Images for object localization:
⁂
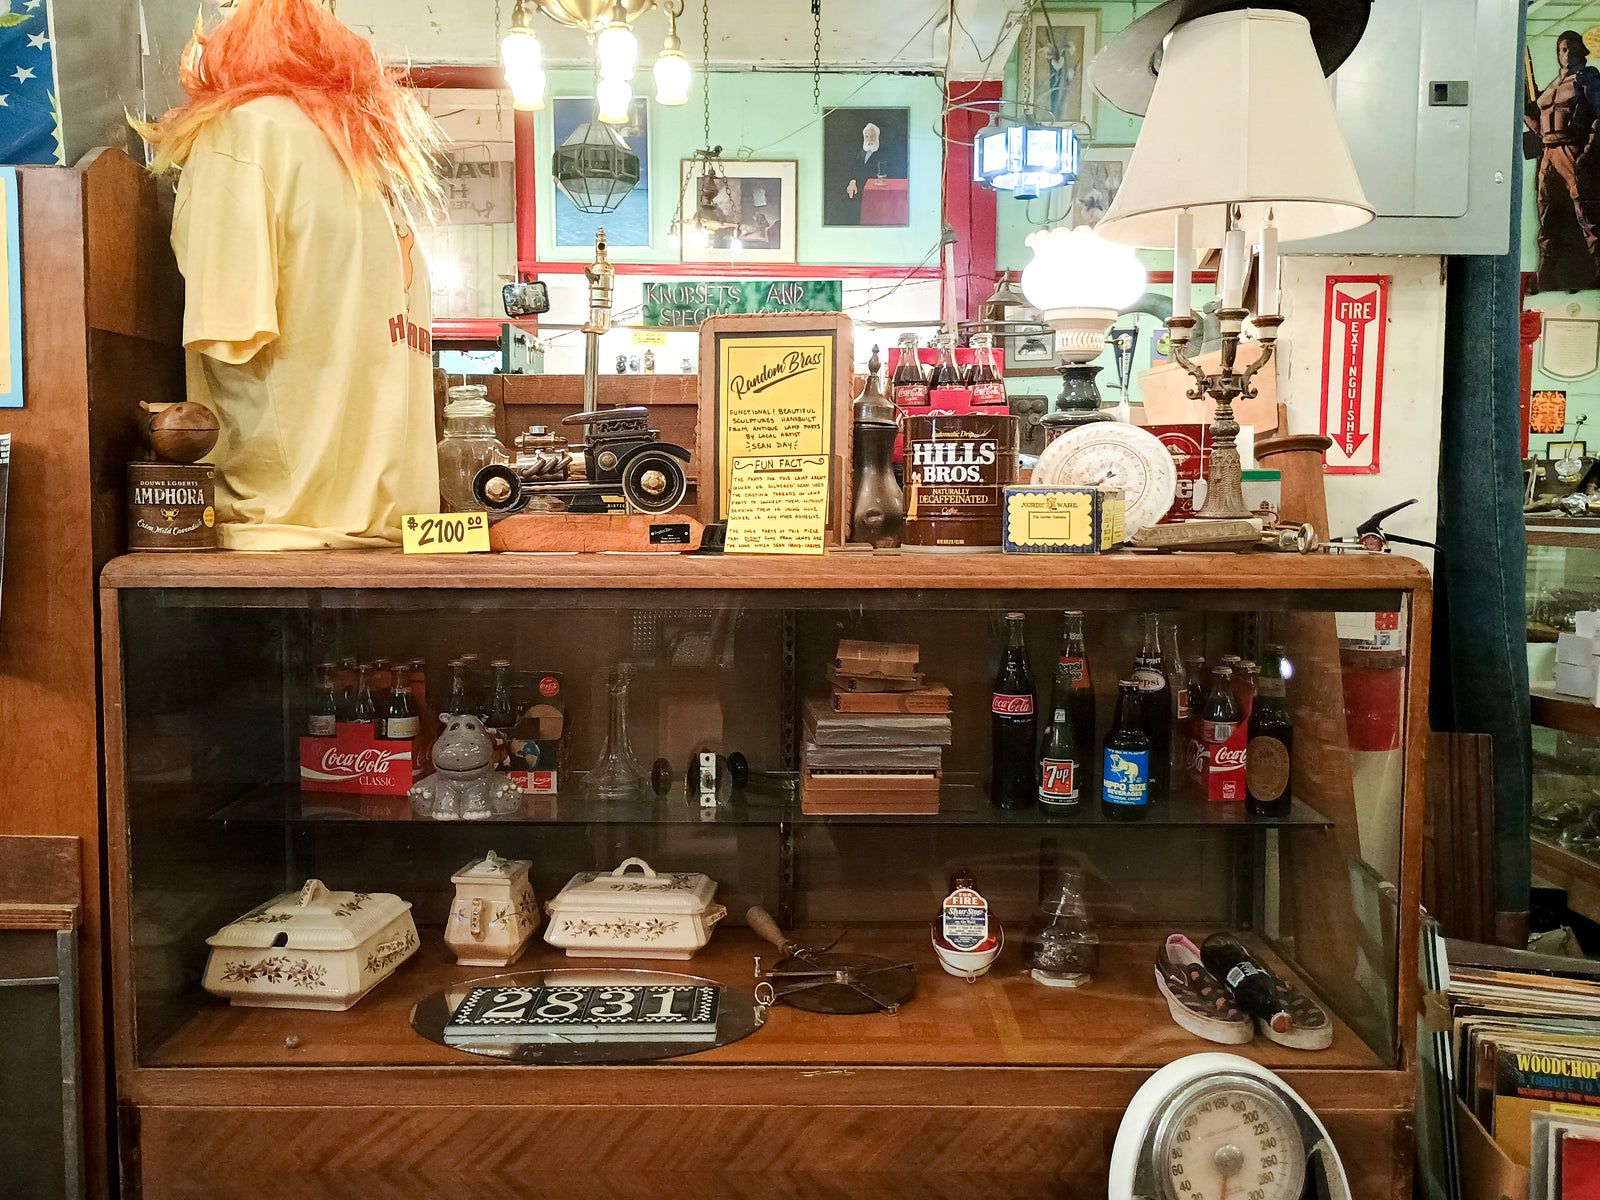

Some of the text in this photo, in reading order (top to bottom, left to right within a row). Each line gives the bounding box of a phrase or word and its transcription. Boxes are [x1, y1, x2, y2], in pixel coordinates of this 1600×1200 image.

[647, 283, 804, 305] KNOBSETS AND
[1341, 302, 1371, 319] FIRE
[730, 351, 822, 400] Random Brass
[1346, 321, 1359, 454] EXTINGUISHER
[776, 442, 792, 450] DAY
[912, 442, 996, 465] HILLS
[755, 458, 802, 469] FUN FACT
[923, 466, 984, 483] BROS.
[134, 488, 205, 505] AMPHORA
[919, 495, 989, 504] DECAFFEINATED
[992, 696, 1030, 712] Coca-Cola
[322, 747, 392, 774] Coca-Cola
[359, 776, 395, 787] CLASSIC
[1128, 783, 1147, 791] SIZE
[1107, 788, 1143, 797] BEVERAGES
[952, 896, 979, 905] FIRE
[482, 990, 682, 1018] 2831
[1530, 1075, 1573, 1090] TRIBUTE
[1578, 1080, 1593, 1091] TO
[1231, 1100, 1246, 1113] 180
[1242, 1110, 1259, 1124] 200
[1252, 1122, 1269, 1136] 220
[1176, 1130, 1191, 1143] 100
[1260, 1137, 1277, 1150] 240
[1172, 1148, 1182, 1159] 80
[1260, 1154, 1278, 1168] 260
[1171, 1164, 1183, 1176] 60
[1258, 1171, 1274, 1185] 280
[1180, 1180, 1191, 1191] 40
⁂
**Problem to work on:** The job here is to write out the records exactly, pictures excluded.

**Task response:**
Some of the text in this photo, in reading order (top to bottom, left to right within a row). Each line gives the bounding box of a phrase or word and its transcription. Boxes are [x1, y1, x2, y2], in pixel coordinates of this 1600×1200 image.

[647, 283, 804, 305] KNOBSETS AND
[1341, 302, 1371, 319] FIRE
[730, 351, 822, 400] Random Brass
[1346, 321, 1359, 454] EXTINGUISHER
[776, 442, 792, 450] DAY
[912, 442, 996, 465] HILLS
[755, 458, 802, 469] FUN FACT
[923, 466, 984, 483] BROS.
[134, 488, 205, 505] AMPHORA
[919, 495, 989, 504] DECAFFEINATED
[992, 696, 1030, 712] Coca-Cola
[322, 747, 392, 774] Coca-Cola
[359, 776, 395, 787] CLASSIC
[1128, 783, 1147, 791] SIZE
[1107, 788, 1143, 797] BEVERAGES
[952, 896, 979, 905] FIRE
[482, 990, 682, 1018] 2831
[1530, 1075, 1573, 1090] TRIBUTE
[1578, 1080, 1593, 1091] TO
[1231, 1100, 1246, 1113] 180
[1242, 1110, 1259, 1124] 200
[1252, 1122, 1269, 1136] 220
[1176, 1130, 1191, 1143] 100
[1260, 1137, 1277, 1150] 240
[1172, 1148, 1182, 1159] 80
[1260, 1154, 1278, 1168] 260
[1171, 1164, 1183, 1176] 60
[1258, 1171, 1274, 1185] 280
[1180, 1180, 1191, 1191] 40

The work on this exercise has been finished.